WHAT IS EXPECTED: Your task is to restate every entry below word for word and omit the images.

SUPPLIED INFORMATION:

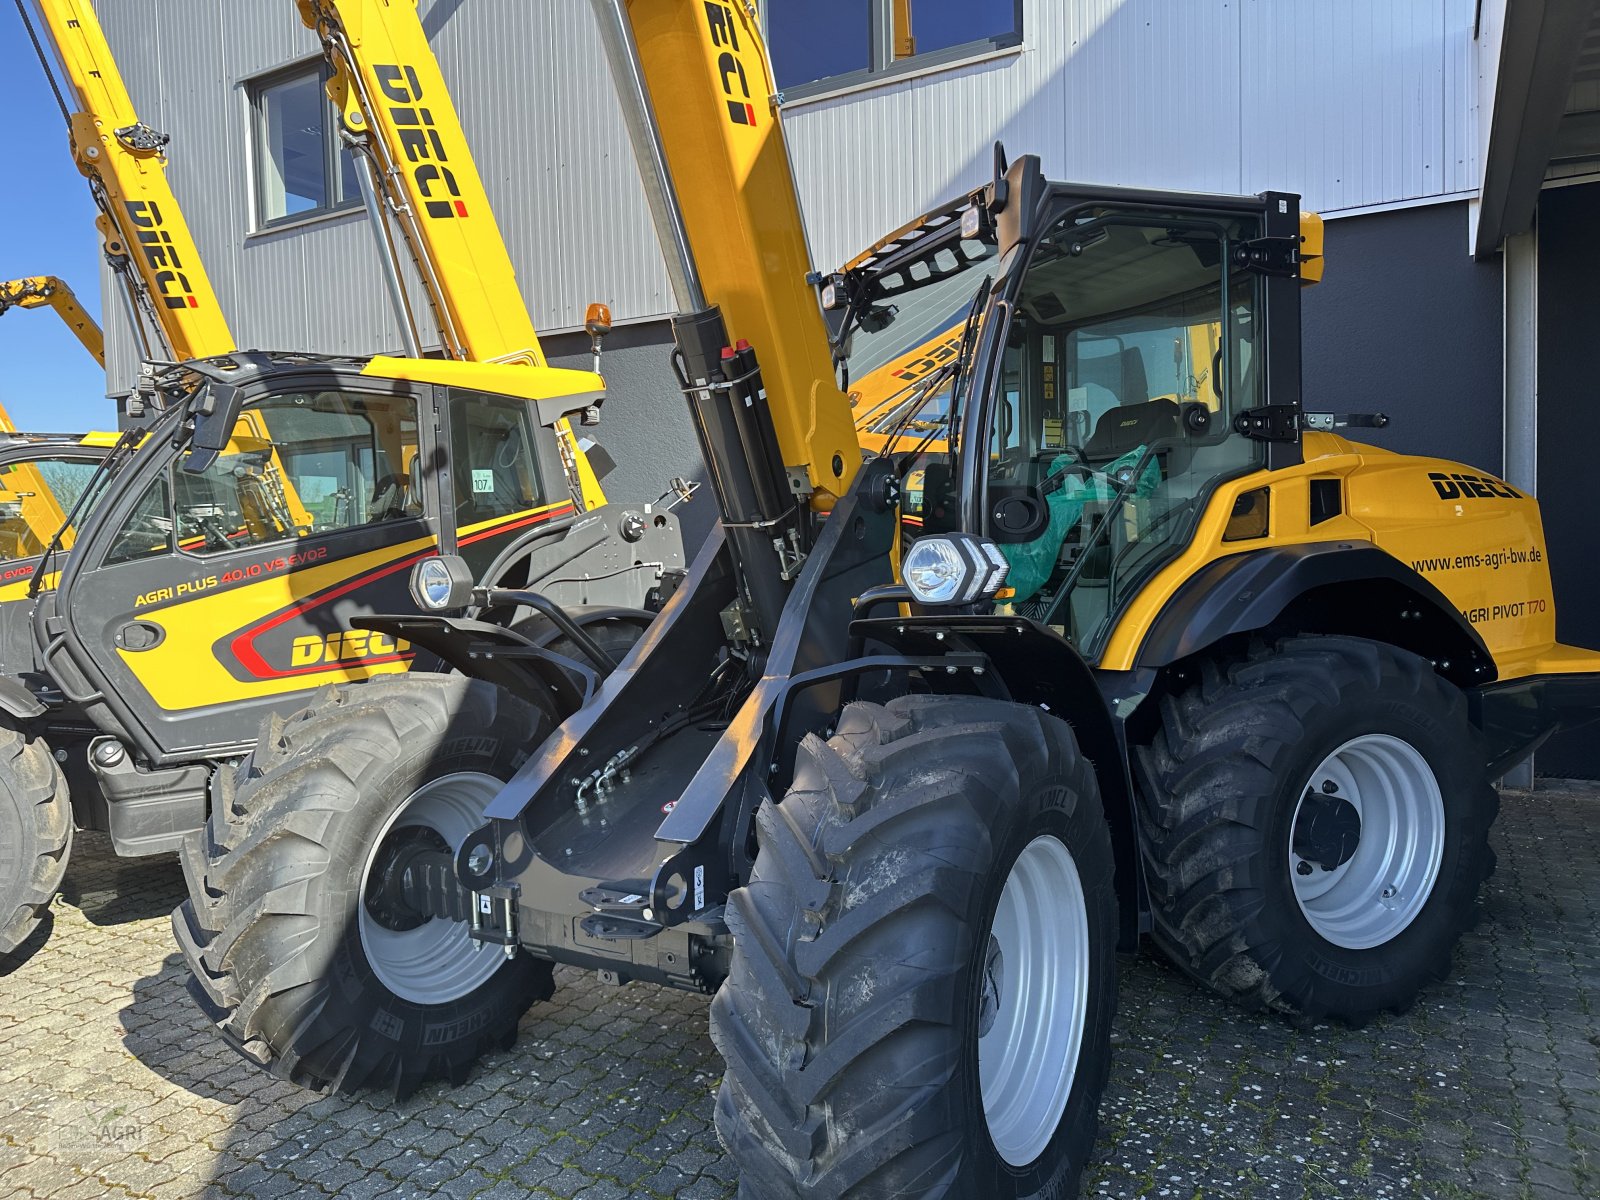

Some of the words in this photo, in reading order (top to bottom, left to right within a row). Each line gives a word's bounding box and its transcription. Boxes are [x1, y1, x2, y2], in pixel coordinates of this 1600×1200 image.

[67, 19, 80, 29] E
[88, 70, 101, 79] F
[703, 0, 757, 127] ECI
[372, 64, 470, 219] DIECI
[123, 200, 199, 310] DIECI
[474, 479, 488, 491] 107
[1427, 472, 1524, 500] DIECI
[4, 565, 34, 580] EVO2
[1411, 546, 1542, 574] www.ems-agri-bw.de
[134, 586, 174, 608] AGRI
[176, 575, 218, 597] PLUS
[221, 564, 262, 583] 40.10
[263, 557, 286, 572] VS
[287, 546, 327, 566] EVO2
[1461, 607, 1490, 624] AGRI
[1492, 602, 1525, 620] PIVOT
[1526, 599, 1546, 615] T70
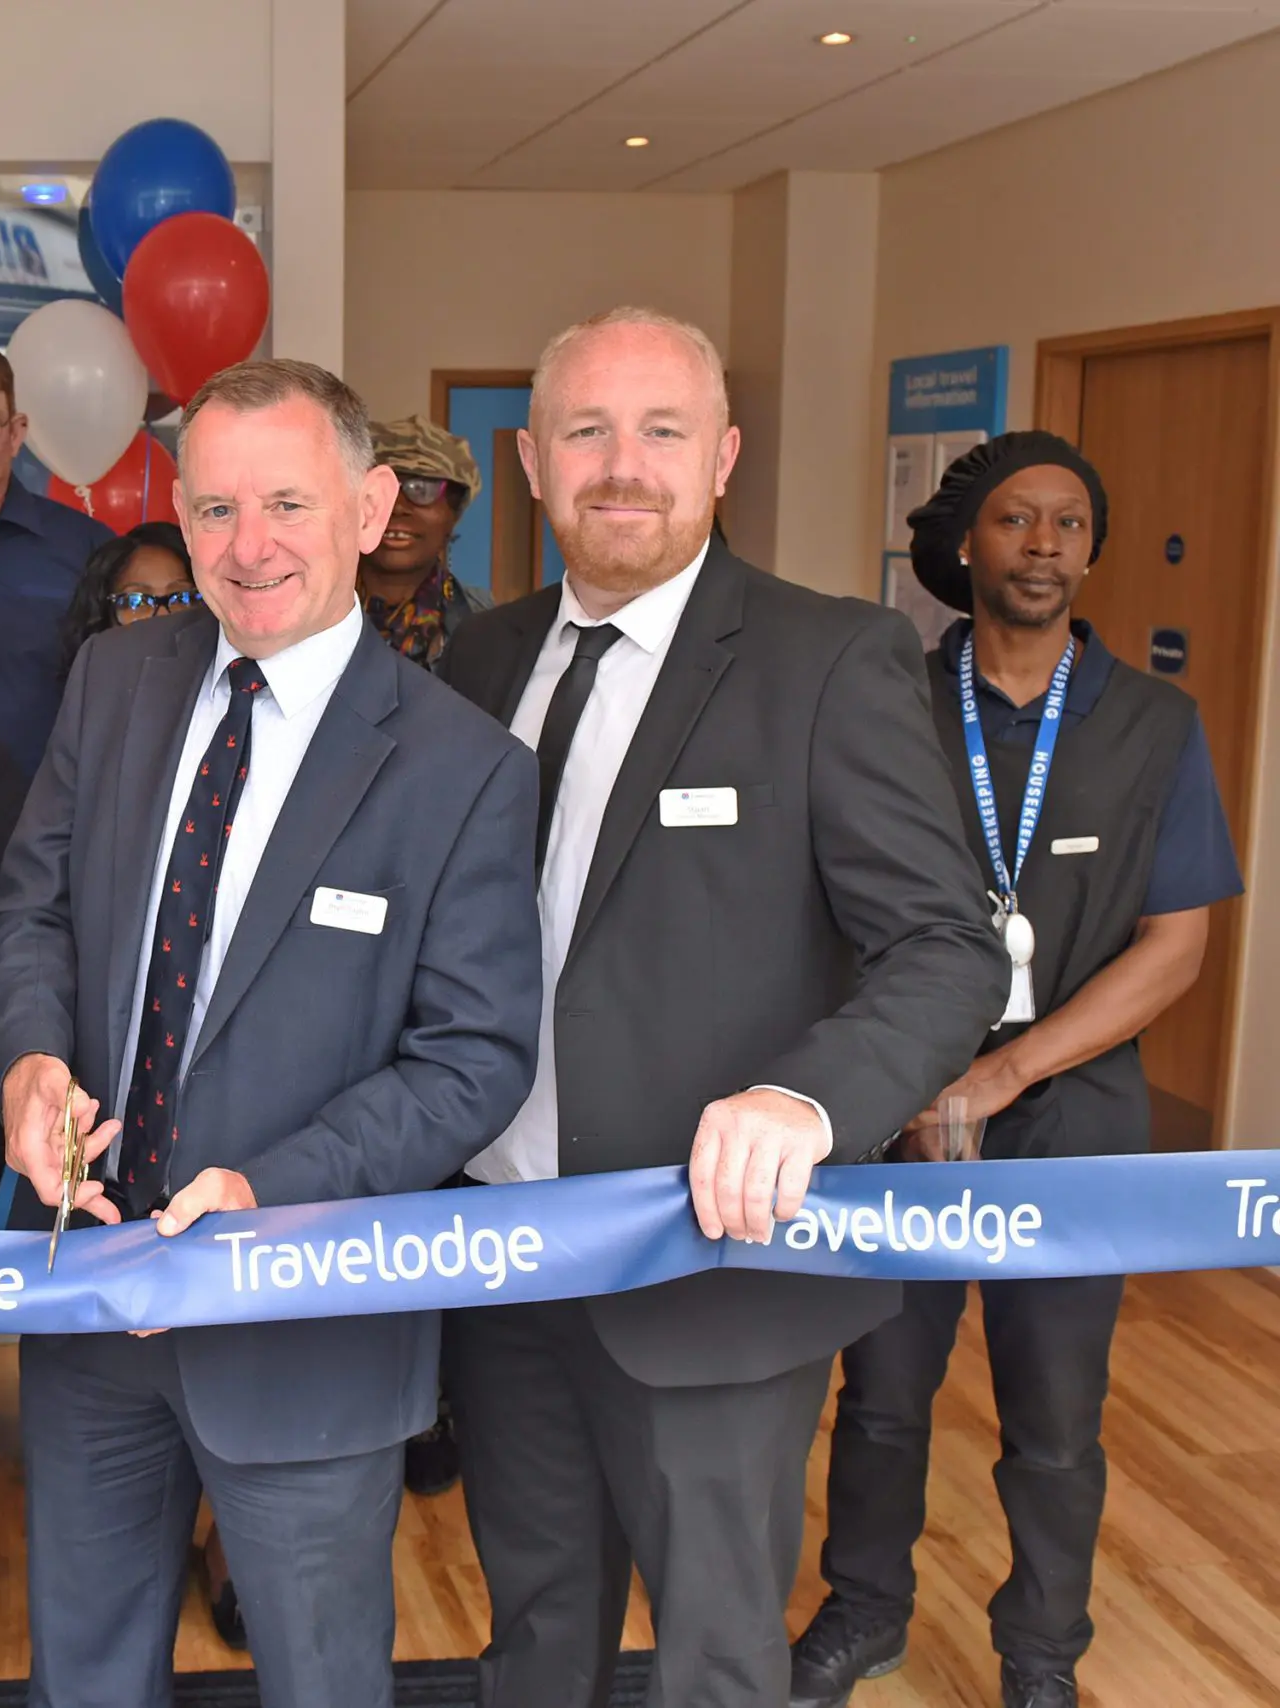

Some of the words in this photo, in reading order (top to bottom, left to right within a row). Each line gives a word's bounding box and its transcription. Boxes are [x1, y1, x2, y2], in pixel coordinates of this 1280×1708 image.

[905, 369, 937, 390] Local
[939, 364, 978, 387] travel
[905, 388, 978, 409] information
[971, 754, 1004, 884] HOUSEKEEPING
[1014, 751, 1049, 882] HOUSEKEEPIN
[745, 1188, 1042, 1264] avelodge
[1226, 1178, 1280, 1238] Tr
[214, 1213, 544, 1290] Travelodge

FINISHED EXERCISE:
Some of the words in this photo, in reading order (top to bottom, left to right within a row). Each line gives a word's bounding box and its transcription. Boxes are [x1, y1, x2, y2], in pixel coordinates of this 1600×1200 image.

[67, 19, 80, 29] E
[88, 70, 101, 79] F
[703, 0, 757, 127] ECI
[372, 64, 470, 219] DIECI
[123, 200, 199, 310] DIECI
[474, 479, 488, 491] 107
[1427, 472, 1524, 500] DIECI
[4, 565, 34, 580] EVO2
[1411, 546, 1542, 574] www.ems-agri-bw.de
[134, 586, 174, 608] AGRI
[176, 575, 218, 597] PLUS
[221, 564, 262, 583] 40.10
[263, 557, 286, 572] VS
[287, 546, 327, 566] EVO2
[1461, 607, 1490, 624] AGRI
[1492, 602, 1525, 620] PIVOT
[1526, 599, 1546, 615] T70

Some of the words in this photo, in reading order (top to bottom, left to right within a row). Each line gives a word's bounding box and its transcription. Boxes are [x1, y1, x2, y2], in pixel coordinates of this 1280×1708 image.

[905, 369, 937, 390] Local
[939, 364, 978, 387] travel
[905, 388, 978, 409] information
[971, 754, 1004, 884] HOUSEKEEPING
[1014, 751, 1049, 882] HOUSEKEEPIN
[745, 1188, 1042, 1264] avelodge
[1226, 1178, 1280, 1238] Tr
[214, 1213, 544, 1290] Travelodge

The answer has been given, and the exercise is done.